Assembla became known as the world's best Subversion host, but during the past four years we have added great git workflows, and we rely on them for all of our own development. This article answers some questions that we got recently about where to use Assembla git, instead of Github or Gerrit or Stash. Please contact us if you need help getting started.
WHY USE ASSEMBLA?
Assembla is designed to build the “team” in distributed team. Assembla gives you a team-oriented way to use git. You can put all of the branches and repositories in one workspace, with shared team permissions, one activity stream, and full visibility for new and existing team members.

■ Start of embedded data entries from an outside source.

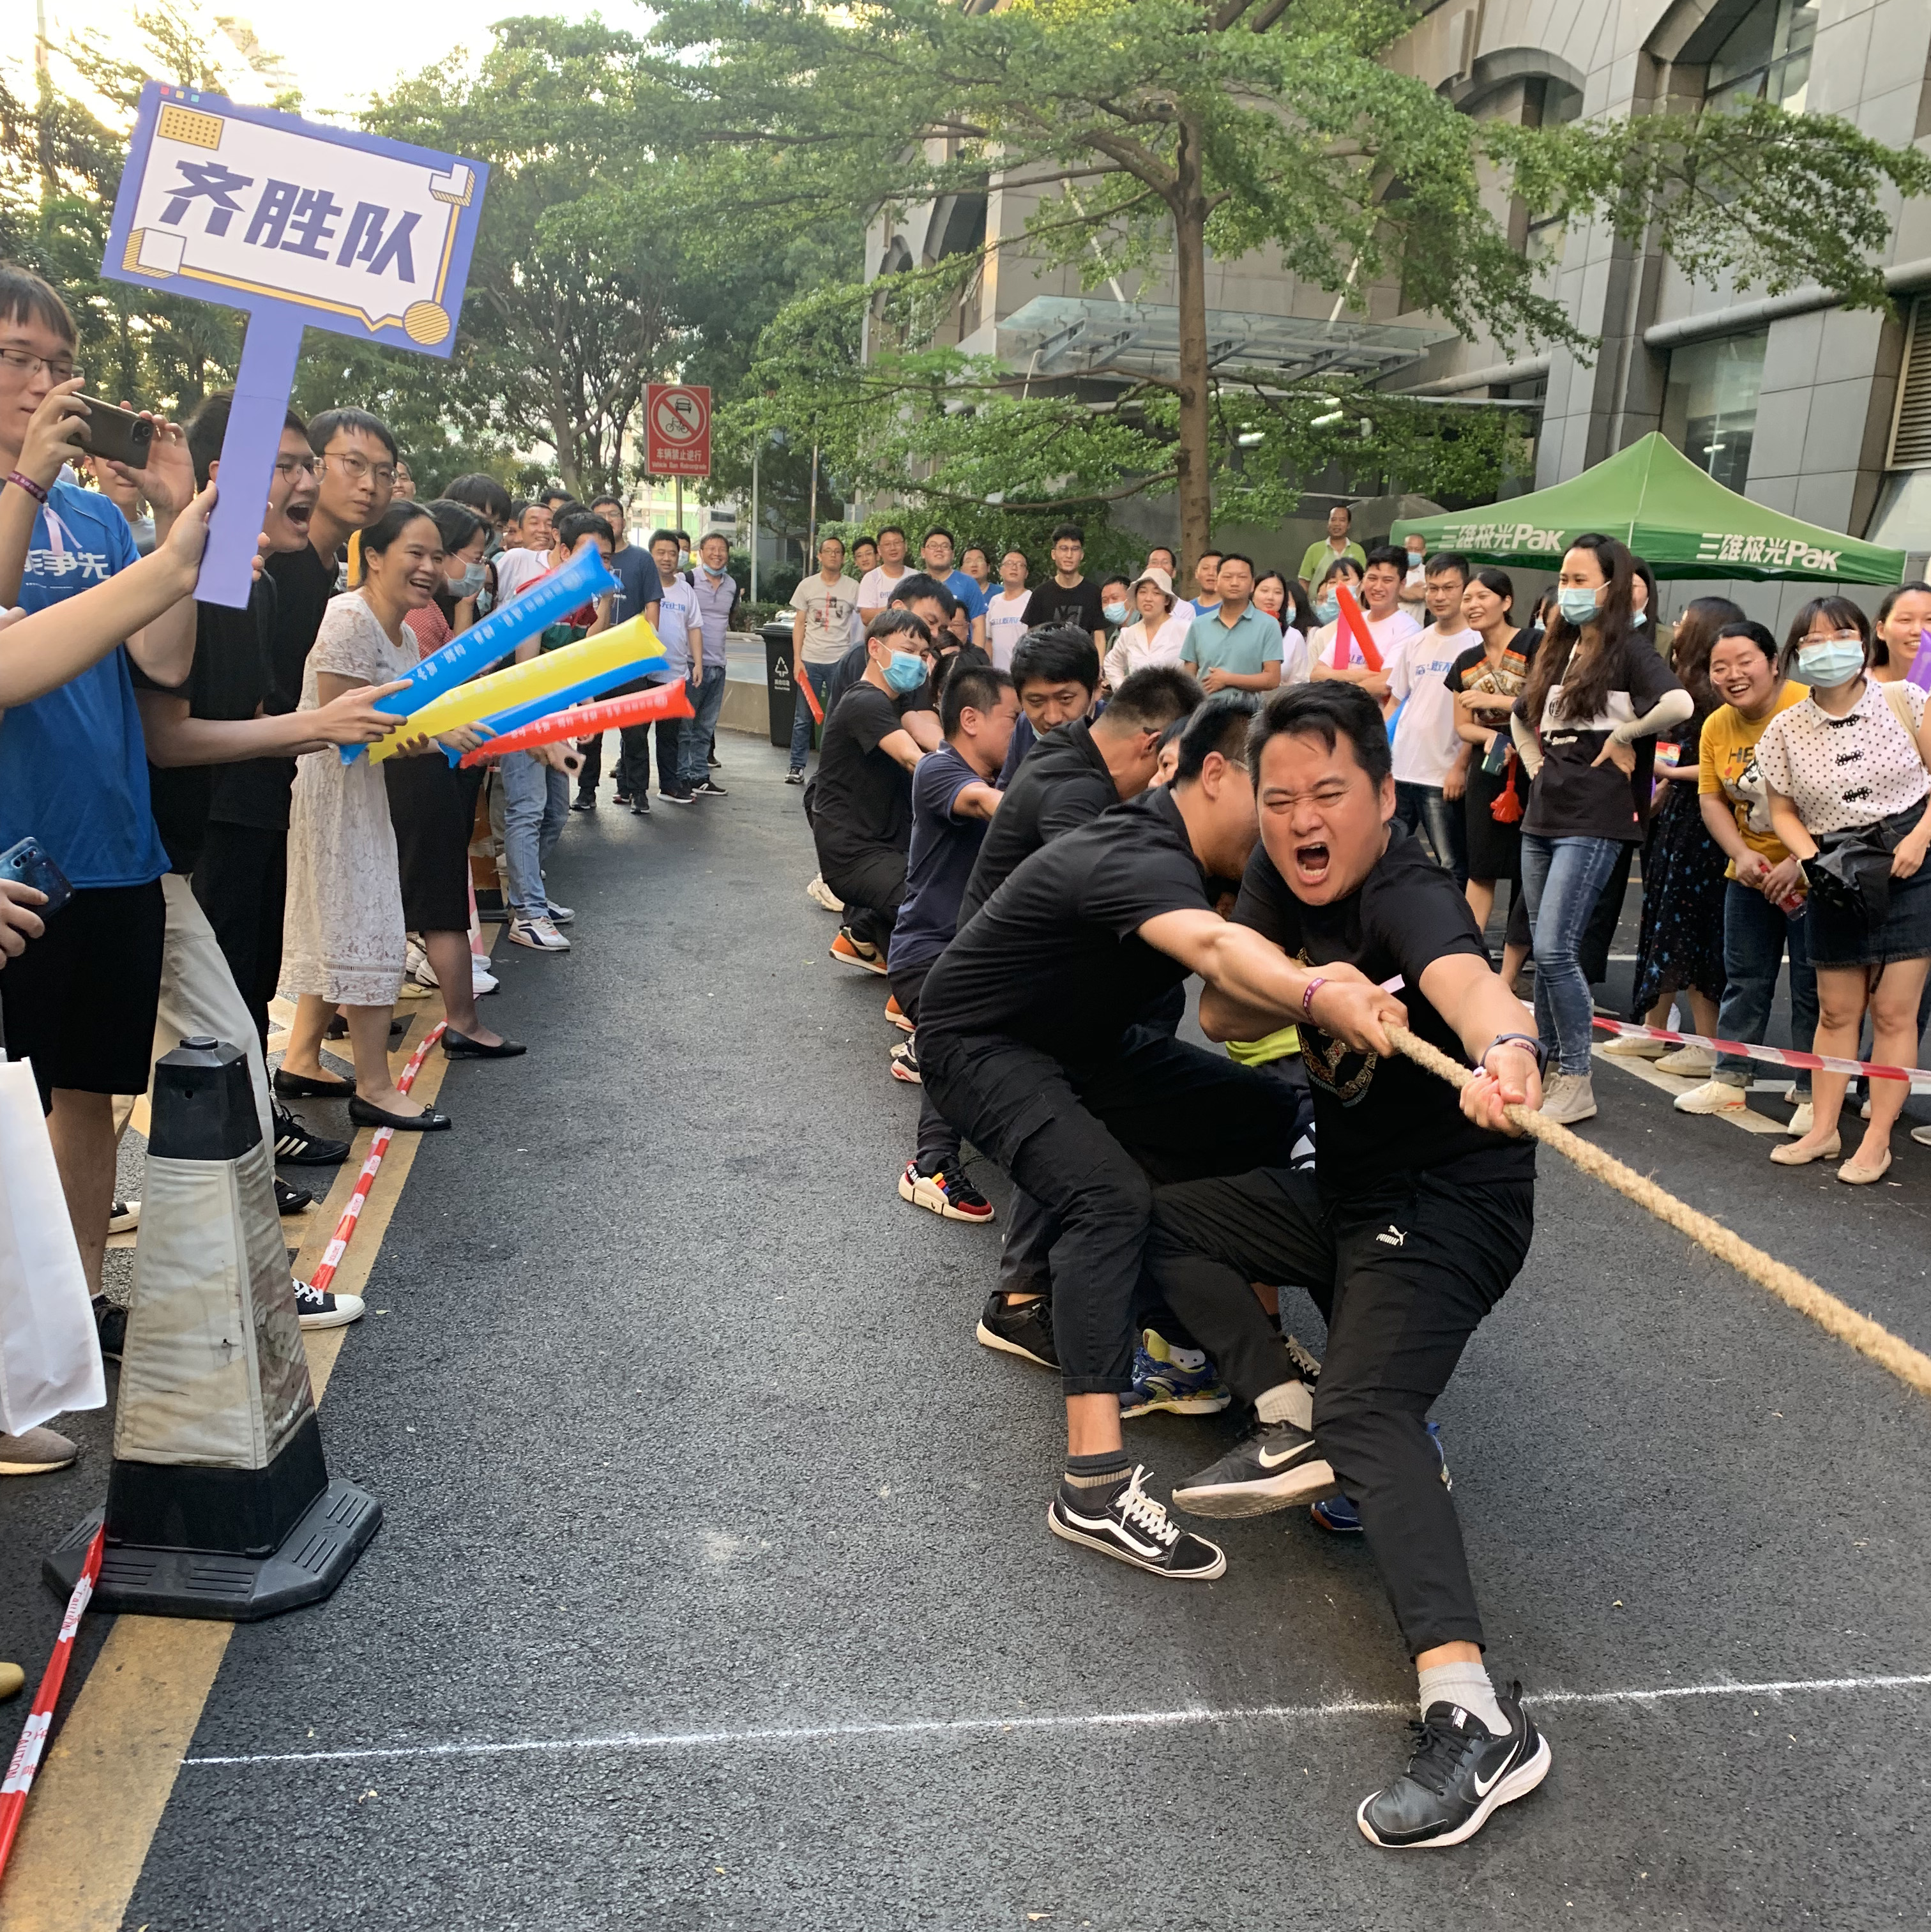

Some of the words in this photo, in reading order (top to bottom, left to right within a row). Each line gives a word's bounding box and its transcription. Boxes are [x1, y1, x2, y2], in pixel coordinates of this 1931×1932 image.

[158, 159, 423, 284] 齐胜队
[5, 1730, 33, 1781] CAUTION
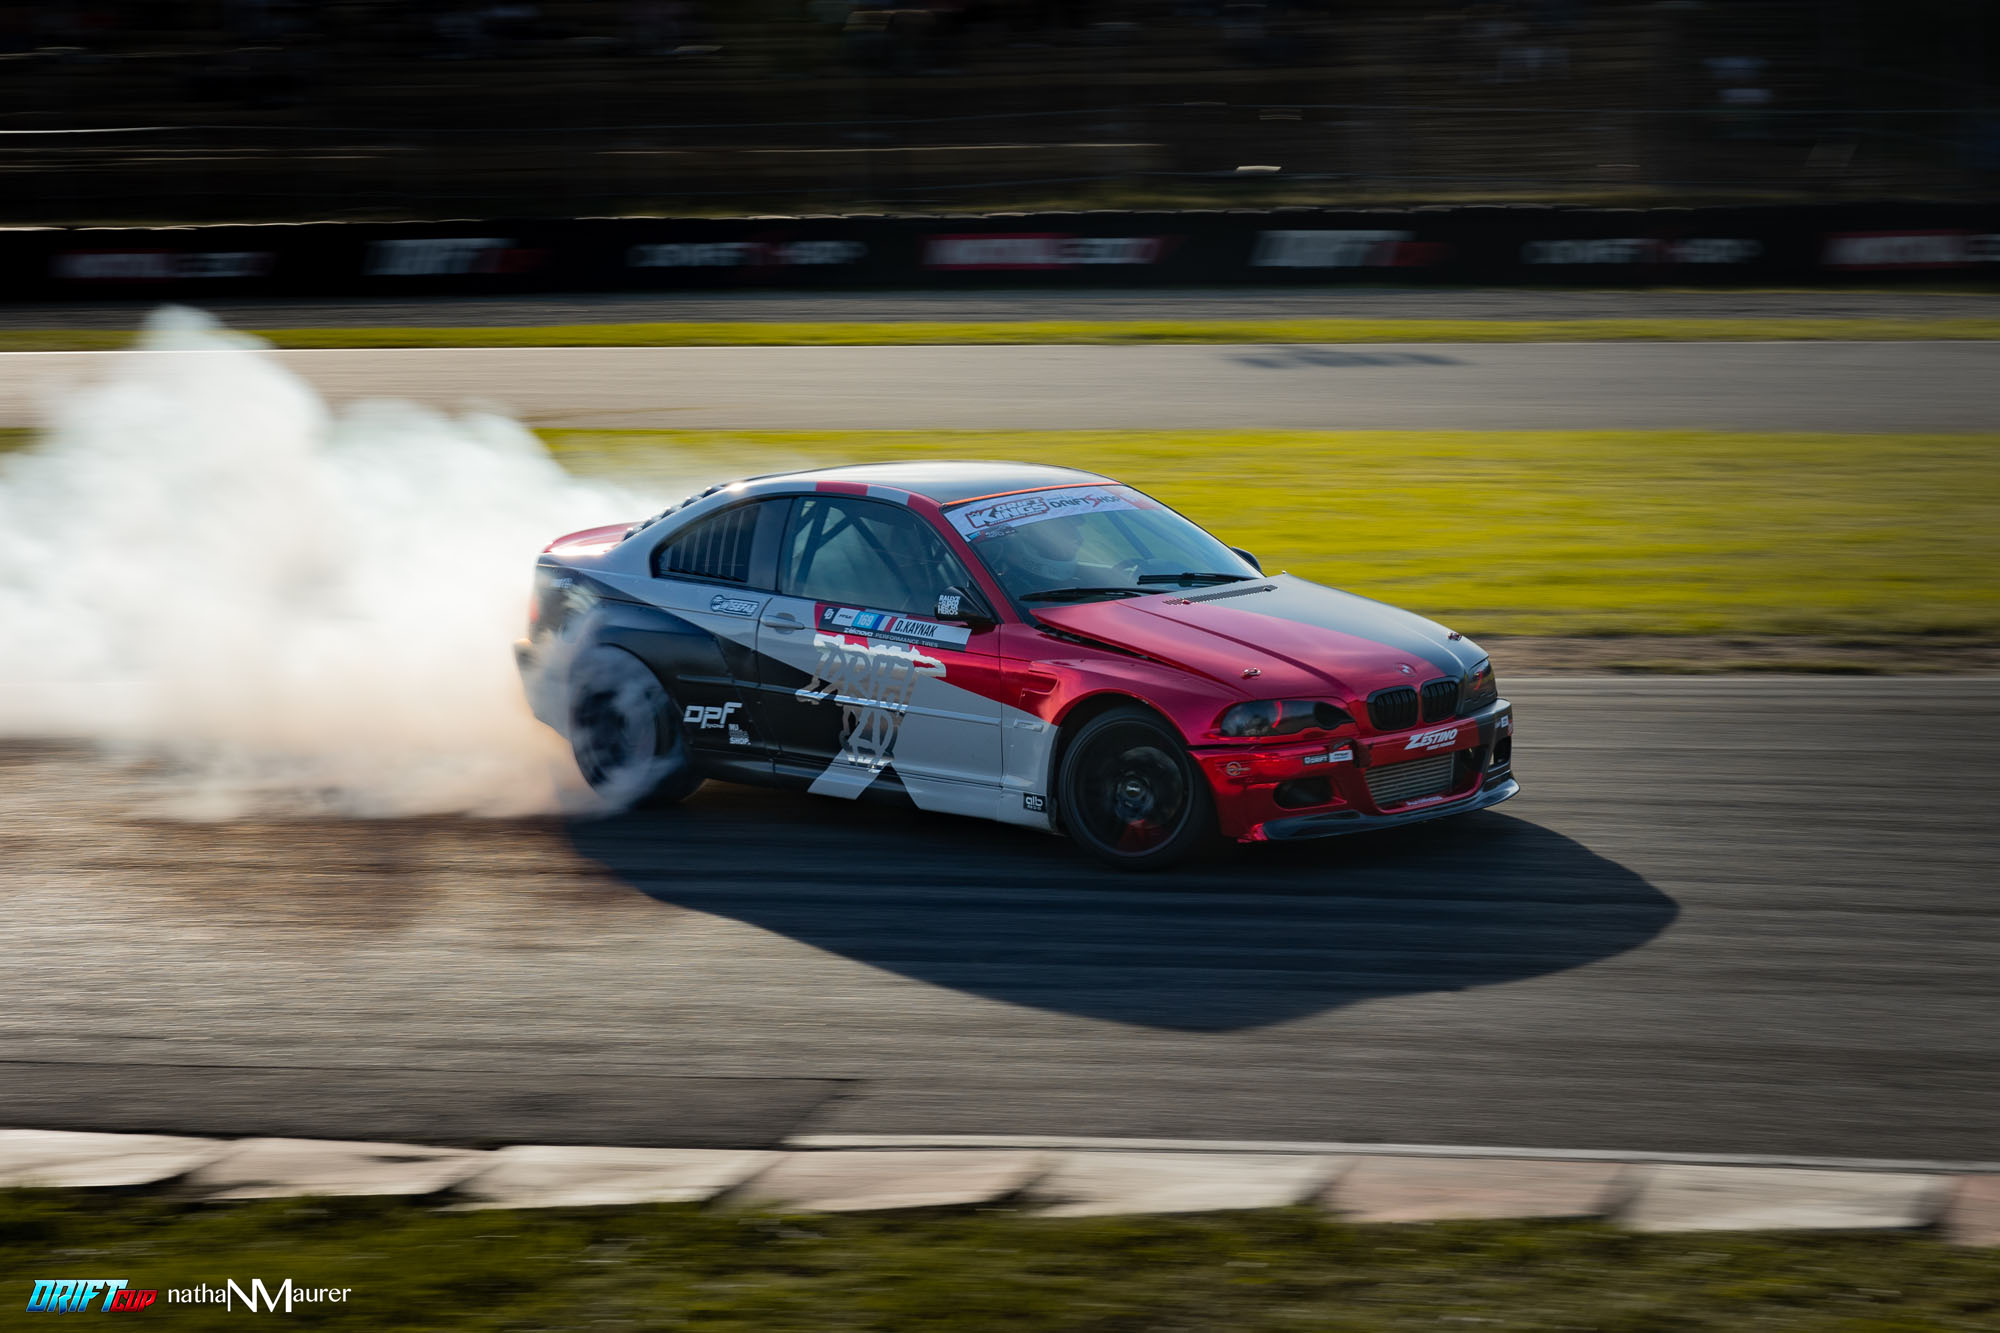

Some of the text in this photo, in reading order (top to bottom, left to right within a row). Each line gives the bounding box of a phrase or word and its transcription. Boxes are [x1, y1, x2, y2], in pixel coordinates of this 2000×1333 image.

[968, 503, 1047, 527] KINGS
[857, 613, 875, 626] 169
[894, 619, 938, 637] D.KAYNAK
[875, 632, 921, 645] PERFORMANCE
[921, 640, 938, 648] TIRES
[1404, 727, 1458, 750] ZESTINO
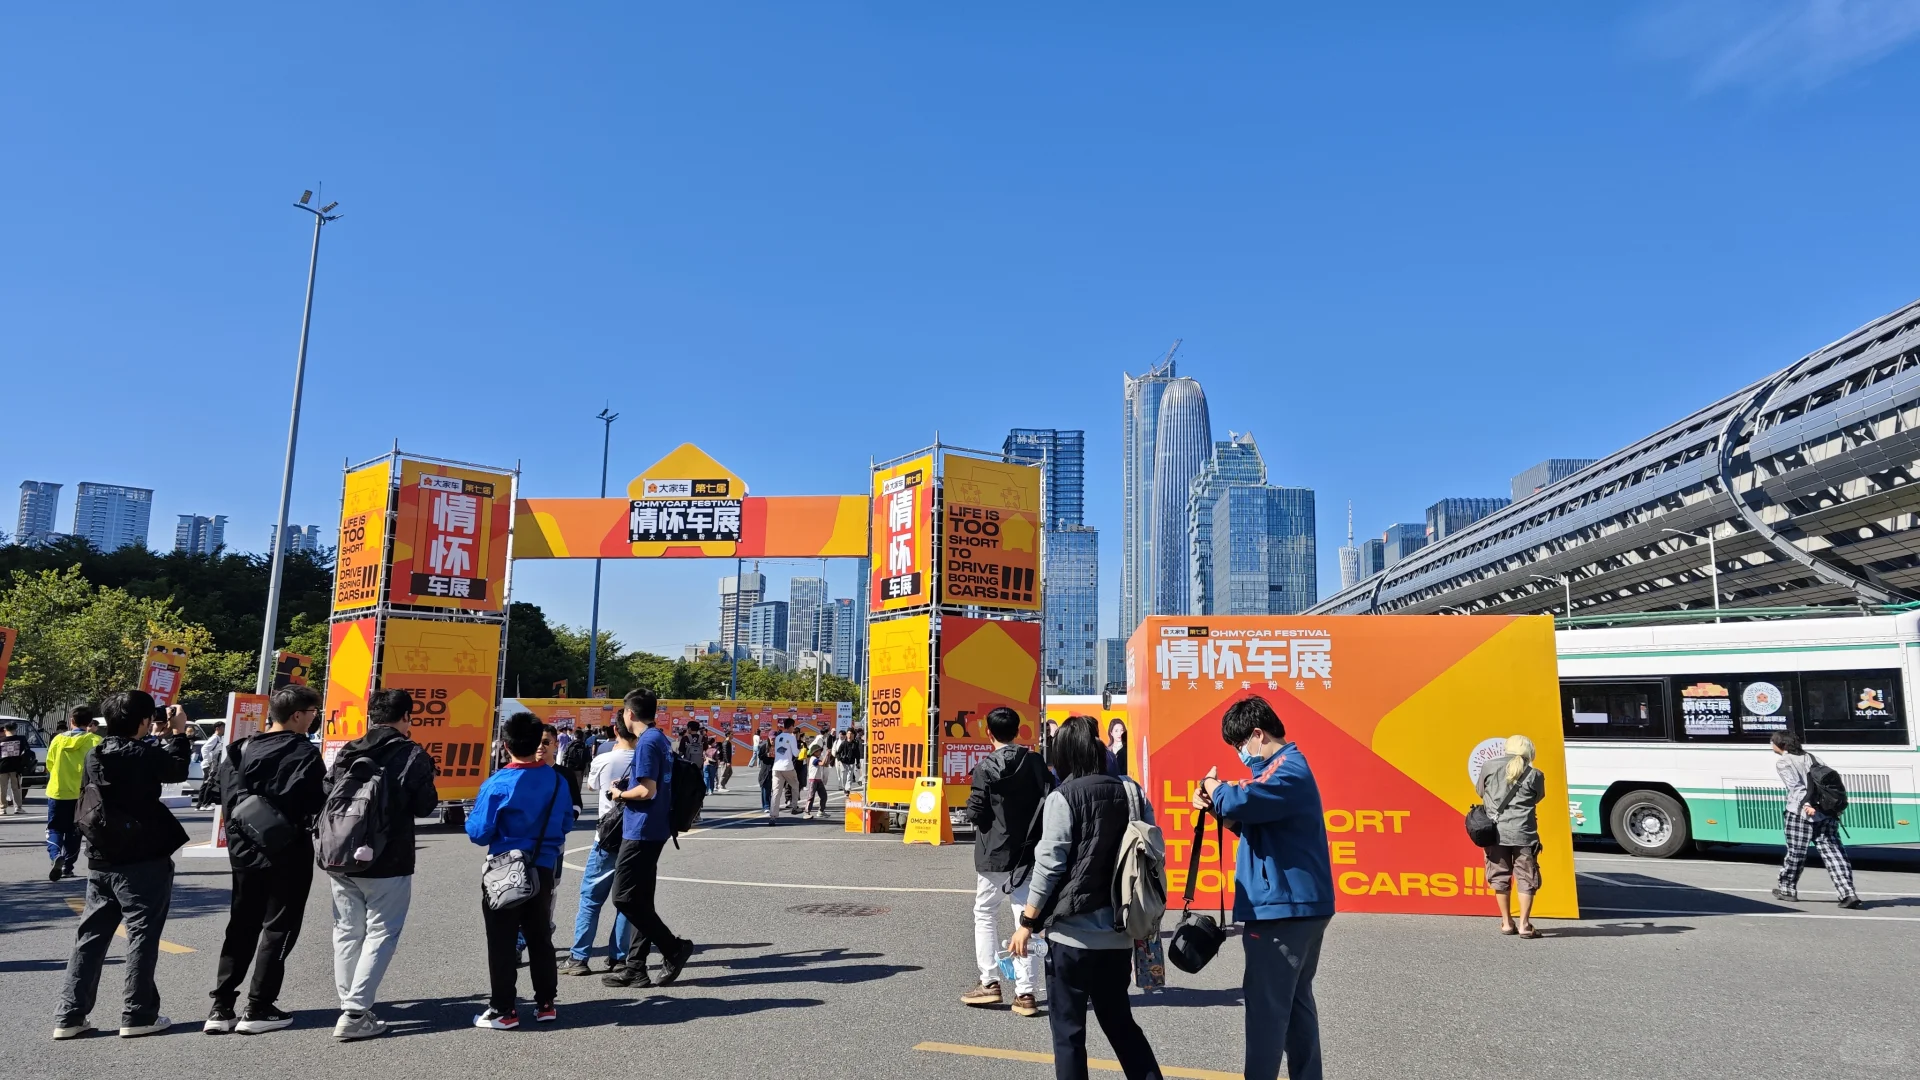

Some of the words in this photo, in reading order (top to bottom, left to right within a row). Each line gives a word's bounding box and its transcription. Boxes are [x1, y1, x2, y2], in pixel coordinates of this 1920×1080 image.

Assembla is great if you create a lot of new projects, apps, and sites. The "space" container increases maintainability by putting everything for a project in one place - code, documentation, tickets, history, team, FTP or SSH deploy, and extra tabs that can contain build and monitoring tools. You get started quickly, you can always come back for enhancements, you never lose anything, and you can hand off to new team members and contractors, or make an extremely complete and professional delivery to clients.
FEATURES and WORKFLOWS
Assembla links code commits and merge requests to a ticket (or issue). You can see a complete history of the changes that affect a ticket.
You can ALSO see a list if the tickets that were affected by a merge request or a list of merges. This gives you automated release notes for a continuous delivery process.
Assembla implements the complete Github-style individual coding workflow. Developers can make an individual branch or repository. They can submit pull requests (called merge requests). They can review, comment, accept, or reject merges. They can use @mention and @mention! to call for reviews or post comments for specific team members.
Assembla also implements a Gerrit-style workflow which is often better for big teams or full-time teams. In the Gerrit-style workflow, team members start from a shared master branch, and they make temporary branches to review specific changes. This unifies the team and removes the work that team members have to do to maintain their own repositories. Assembla has automated this workflow to simplify the Gerrit or “branch per ticket” flow. The master branch can be marked as “protected”. When team members push changes to the master branch, Assembla automatically creates a temporary branch to test and review the change.
Assembla has a full API and Jenkins integration so that you can run continuous integration on review branches, merge requests, and master branches. Jenkins can even be added as an Assembla tab.